Ses obsèques ont eu lieu le 9 de ce mois à Romanèche (Saône-et-Loire), son pays natal, au milieu d’une affluence considérable de parents et d’amis. Le département de la Somme était représenté par MM. Parent, inspecteur primaire à Abbeville ; Quenardel, directeur de l’école normale d’instituteurs d’Amiens ; Boulfroy, commis principal d’inspection, et Froideval, délégué des instituteurs.

Deux discours ont été prononcés par MM. Quenardel et Parent. Nous reproduisons quelques passages du discours de M. Quenardel :

« Esprit fin, observateur judicieux, M. Giroud savait mieux que personne apprécier les hommes et se former une idée très nette et juste de la valeur de ceux qui l’approchaient.

» En général, il se montrait sobre et discret dans ses appréciations. Lui-même reconnaissait cette disposition de son esprit. Dans une causerie intime, la veille de son départ d’Amiens, un ami lui reprochait doucement sa tendance à ne pas prodiguer d’encourageantes paroles à des fonctionnaires dont cependant il se louait : « C’est vrai », répondait-il ; « je ne suis pas très démonstratif ; question de tempérament. Il est pourtant facile de lire sur ma physionomie l’expression de mon contentement. » Du reste, il ne ménageait pas sa confiance à ceux qu’il en avait jugés dignes.

» Fonctionnaire de la République, et républicain convaincu, il estimait que la première qualité du vrai républicain est l’honnêteté, et que le meilleur moyen d’être utile à son pays est de demeurer le serviteur de la justice et de la vérité. Vainement on frappait à sa porte pour violenter sa conscience : « Quand vous me couperiez en quatre », disait-il un jour à un solliciteur trop pressant, « je ne consentirais pas à faire ce que vous me demandez ».

» Les hommes de cette valeur et de ce caractère font aimer la République. Il est vrai que M. Giroud était une nature d’élite. Dussé-je commettre une indiscrétion, je répéterai sur la tombe de cet inspecteur distingué une parole tombée de la bouche de M. René Goblet, alors président du conseil des ministres : « M. Giroud est l’un des premiers inspecteurs d’académie de France ».

» Il aimait ses écoles normales, accordant à l’éducation des élèves une sollicitude particulière, et honorant les professeurs de sa confiance.

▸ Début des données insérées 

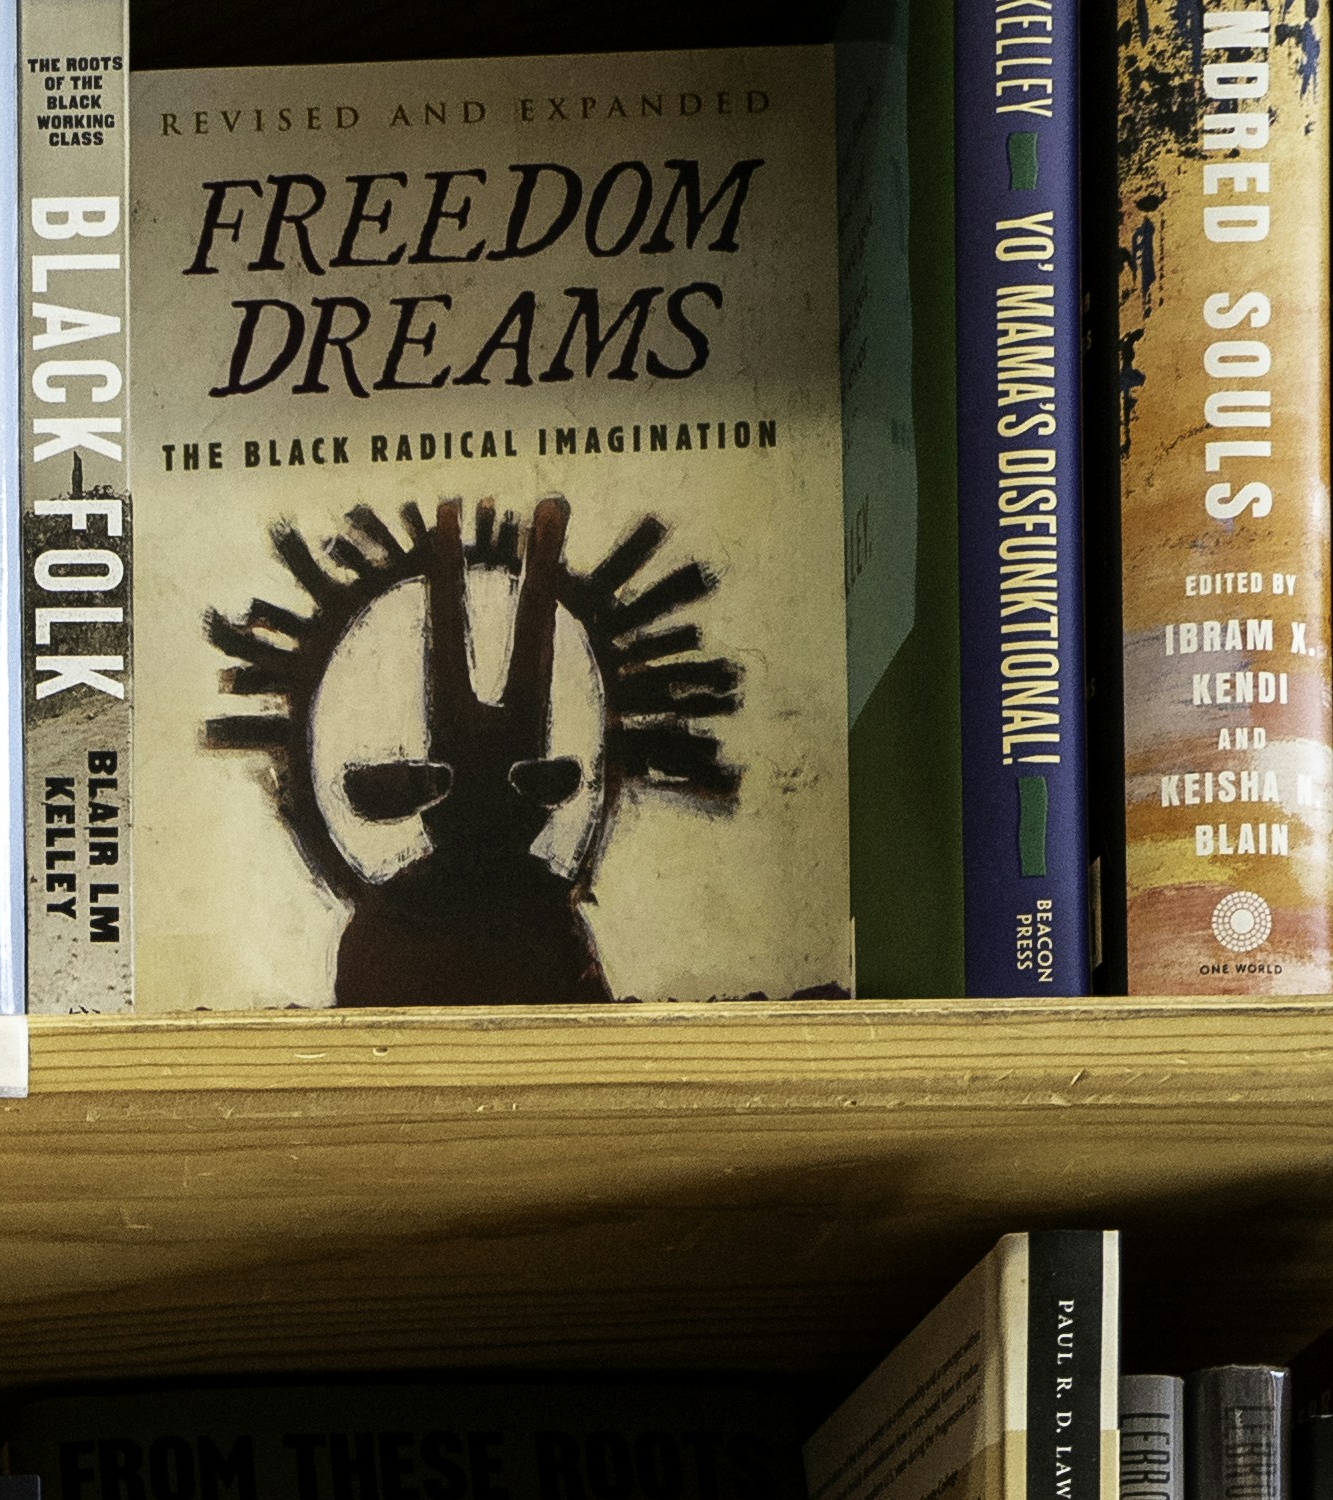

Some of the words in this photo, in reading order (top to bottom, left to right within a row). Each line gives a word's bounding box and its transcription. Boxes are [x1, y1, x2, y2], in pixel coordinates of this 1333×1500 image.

[185, 157, 765, 275] FREEDOM
[996, 211, 1054, 271] YO'
[32, 196, 122, 461] BLACK
[211, 283, 724, 398] DREAMS
[997, 285, 1056, 437] MAMA'S
[33, 500, 126, 703] FOLK
[999, 449, 1060, 764] DISFUNKTIONAL!
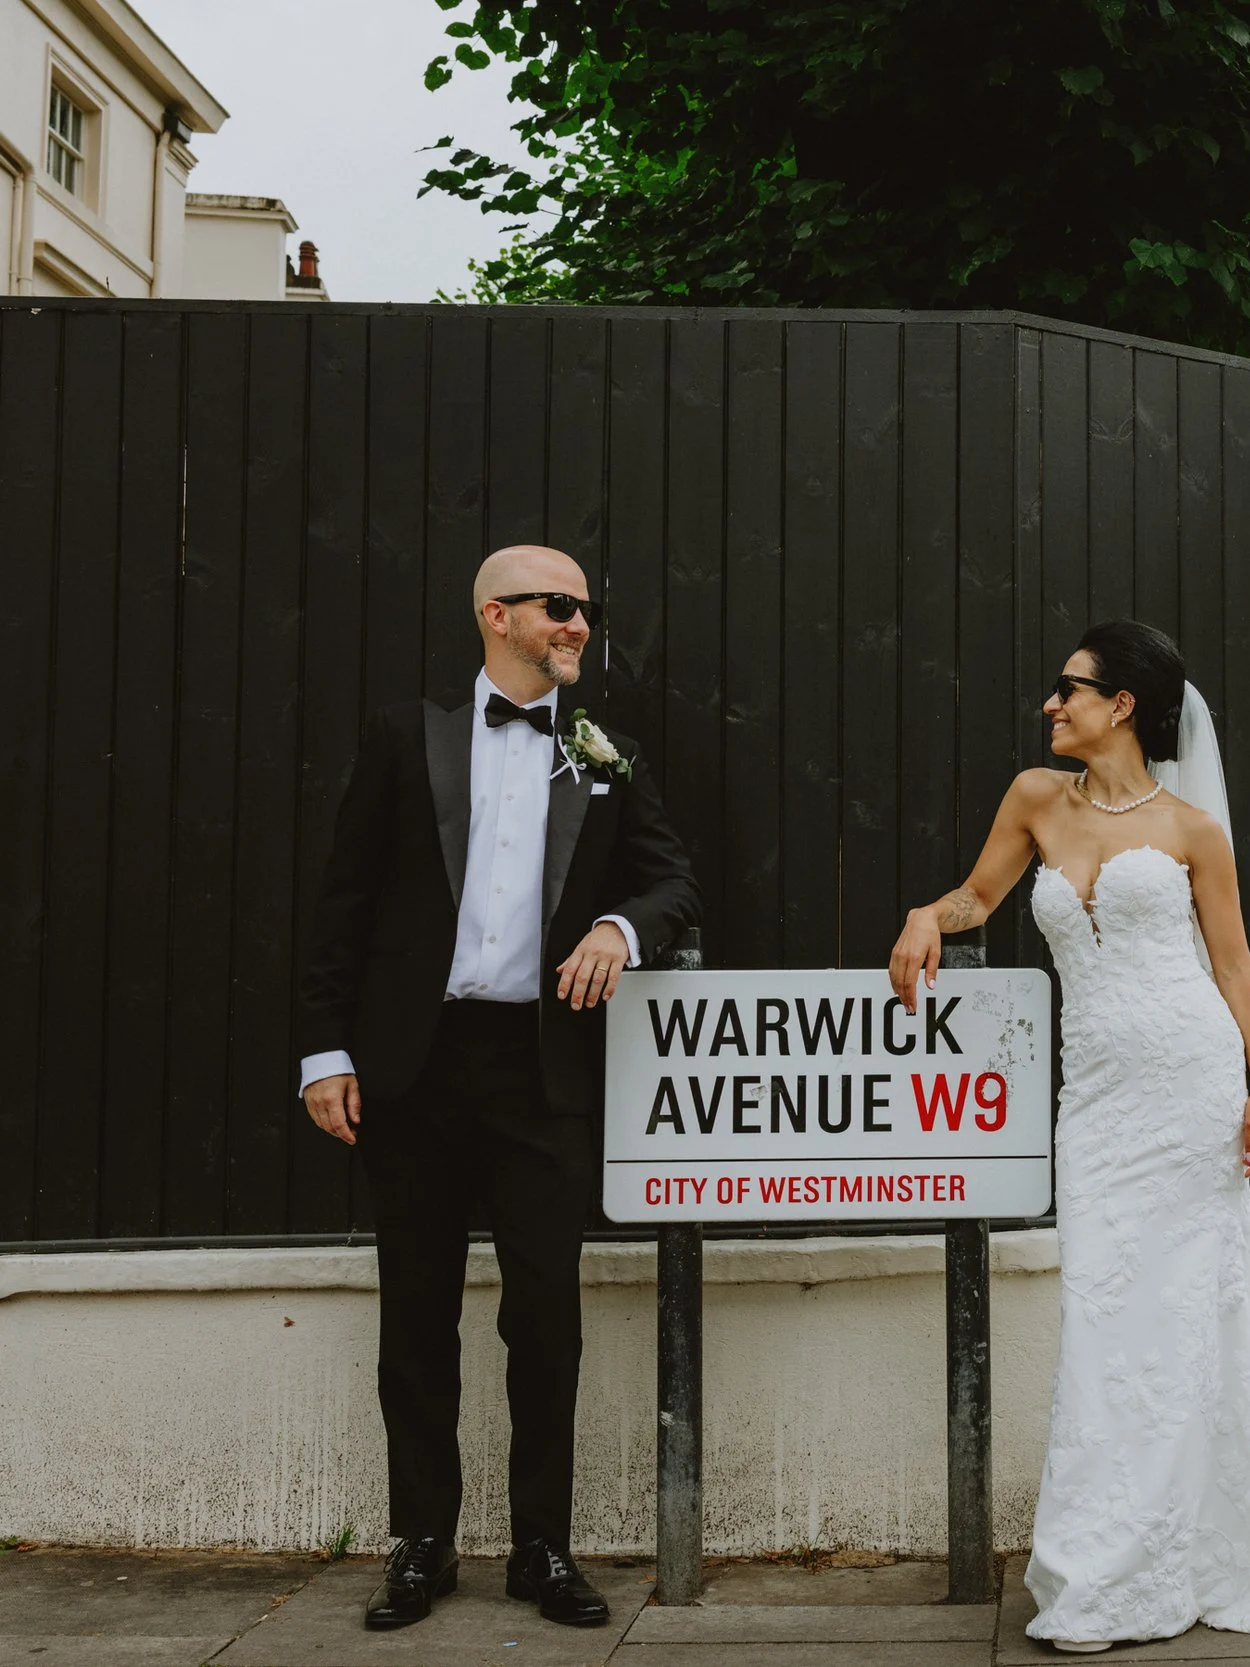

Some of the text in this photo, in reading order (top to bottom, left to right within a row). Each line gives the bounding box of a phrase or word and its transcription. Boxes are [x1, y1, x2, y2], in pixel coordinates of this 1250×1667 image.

[647, 997, 963, 1057] WARWICK
[646, 1072, 1007, 1135] AVENUE W9
[645, 1174, 965, 1205] CITY OF WESTMINSTER
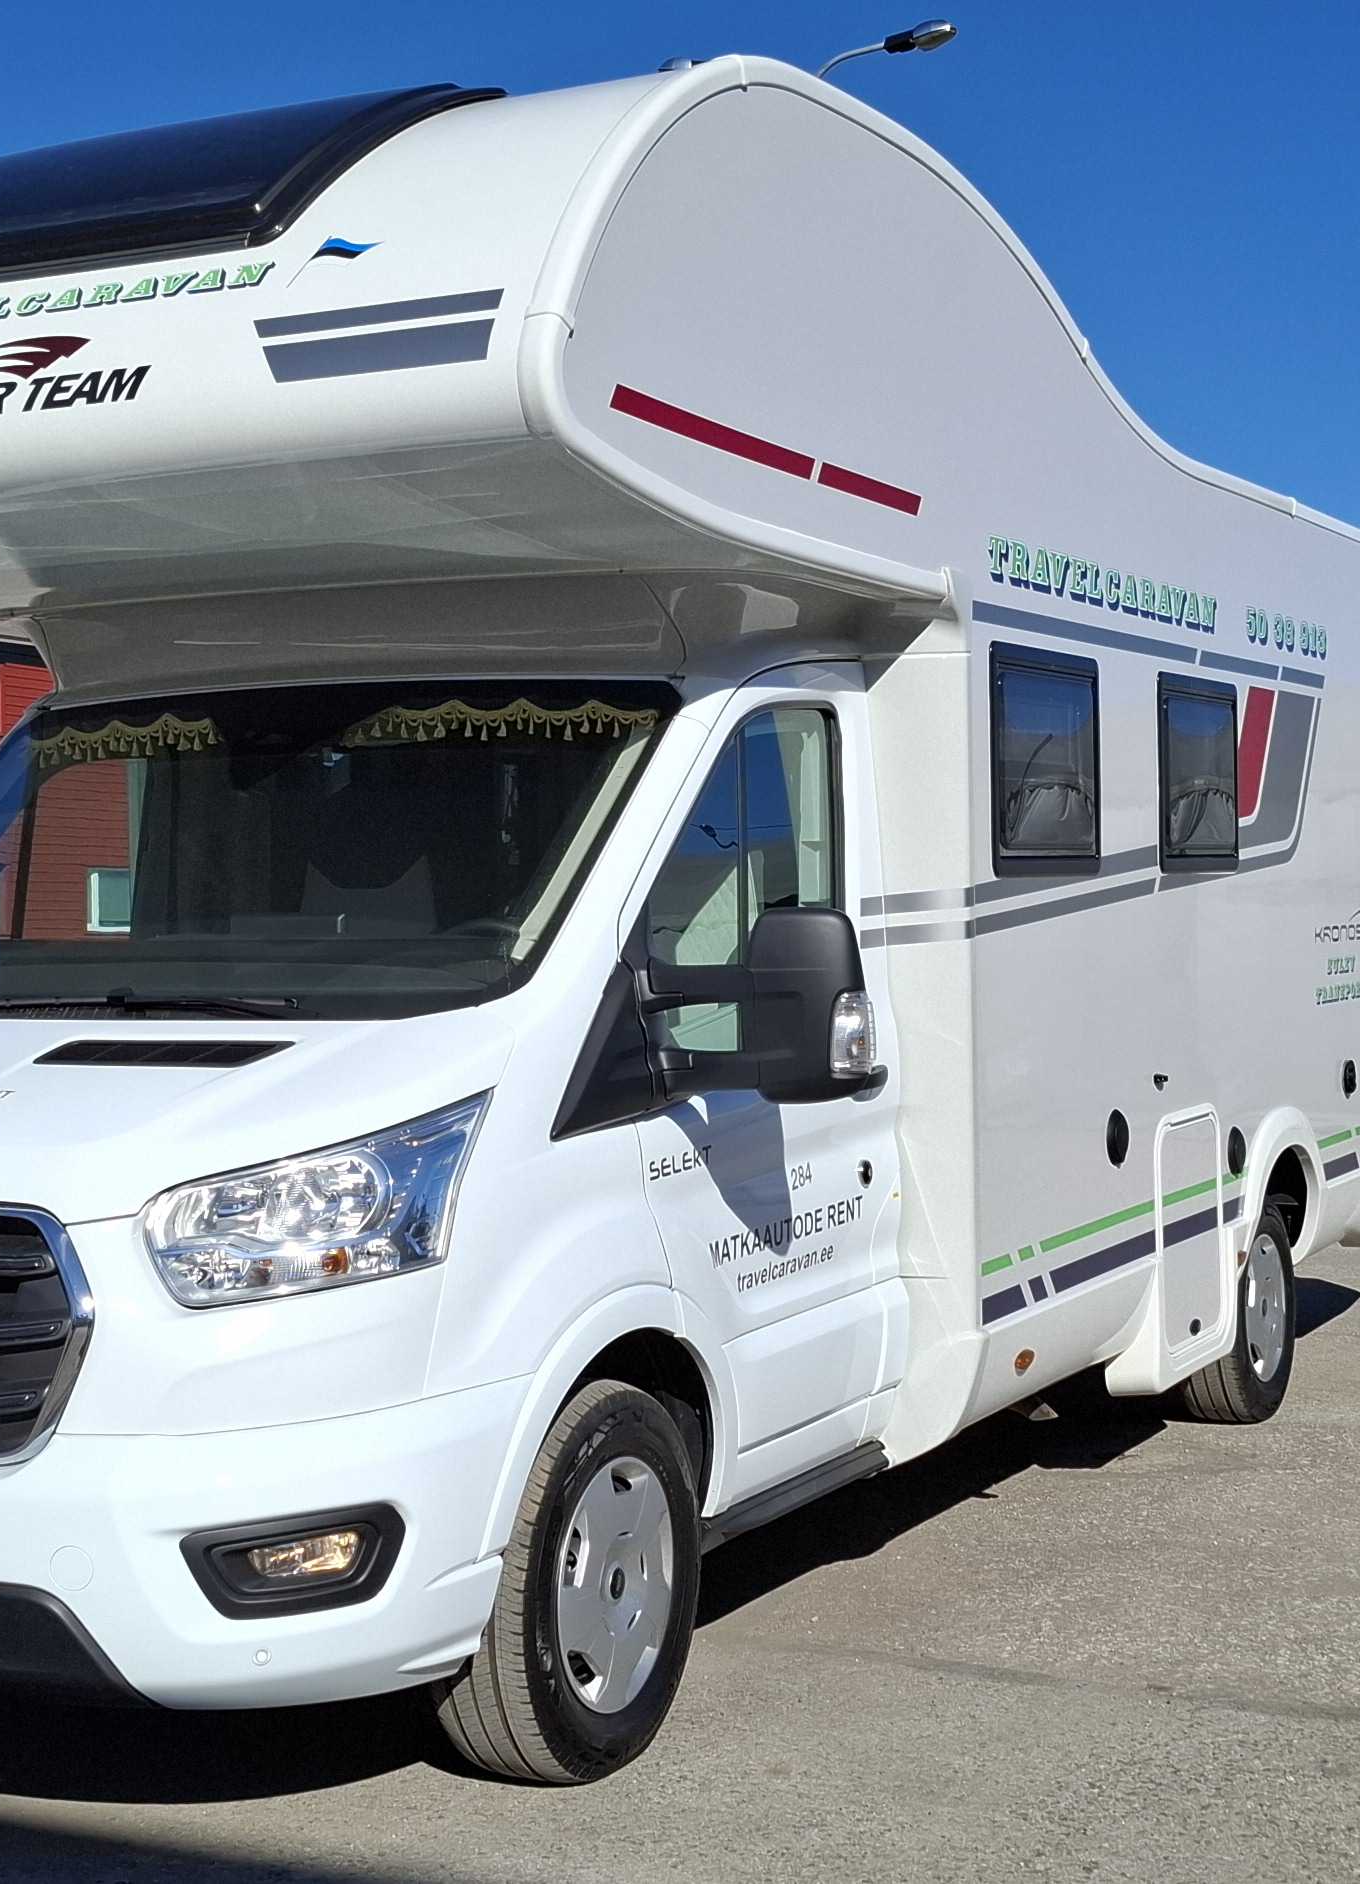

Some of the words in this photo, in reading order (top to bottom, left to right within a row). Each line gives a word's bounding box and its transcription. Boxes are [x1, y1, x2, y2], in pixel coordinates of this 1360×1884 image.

[21, 365, 152, 413] TEAM
[988, 535, 1217, 635] TRAVELCARAVAN
[791, 1162, 813, 1191] 284
[709, 1208, 823, 1269] MATKAAUTODE
[827, 1195, 863, 1230] RENT
[736, 1245, 834, 1293] travelcaravan.ee
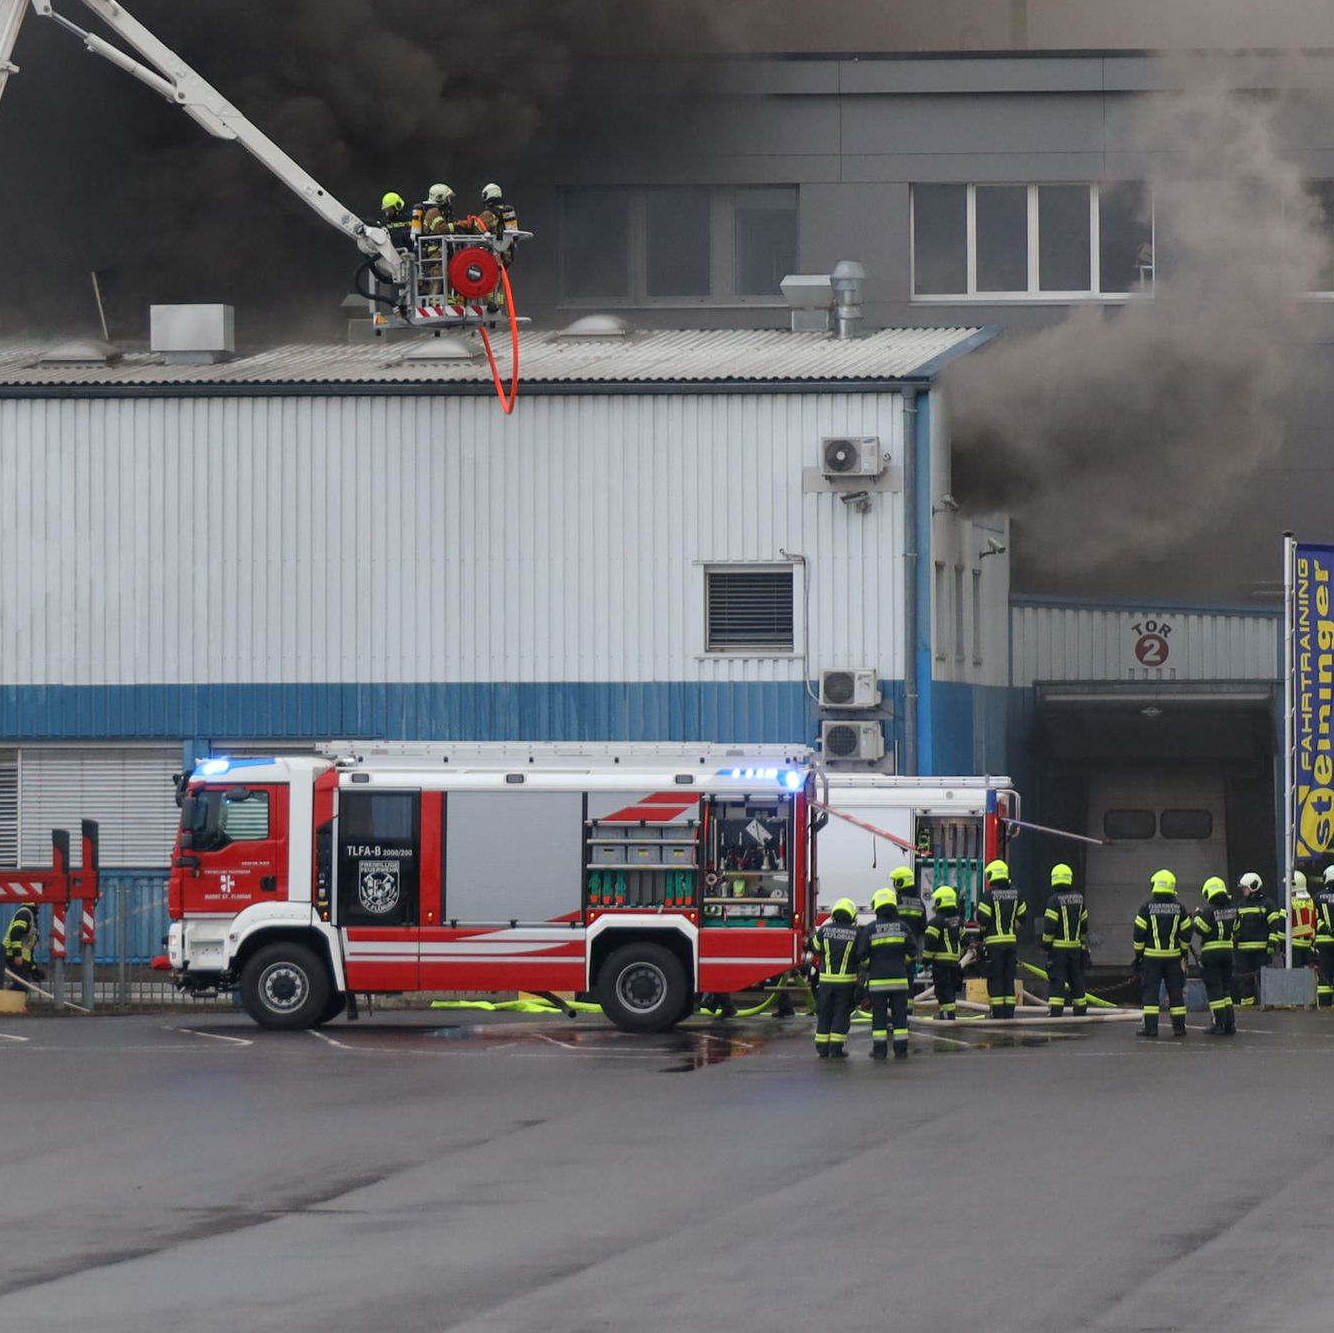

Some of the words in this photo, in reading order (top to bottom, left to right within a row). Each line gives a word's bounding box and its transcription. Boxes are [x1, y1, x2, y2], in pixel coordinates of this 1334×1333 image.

[1131, 620, 1172, 638] TOR
[1143, 639, 1161, 661] 2
[1298, 558, 1313, 771] FAHRTRAINING
[347, 846, 381, 856] TLFA-B
[382, 849, 413, 857] 2000/200

» Il était heureux de se rendre au milieu de nous et de constater les efforts de tous. Quand il assistait aux conférences des professeurs, il venait en ami plutôt qu’en maître. « Il est doux de récompenser, disait-il parfois, mais pénible de réprimander et de punir ». Sa physionomie calme et grave s’éclairait à l’occasion pour manifester sa satisfaction. Nos jeunes élèves-maîtres, il les affectionnait. Pas un d’eux n’oubliera les conseils qu’il donnait aux vétérans, lorsqu’à la fin de leurs études ils l’assuraient de leur reconnaissance et de leur dévouement. Il passait alors en revue les obligations de l’instituteur, signalant les fautes les plus fréquentes et indiquant d’un mot les moyens de les éviter.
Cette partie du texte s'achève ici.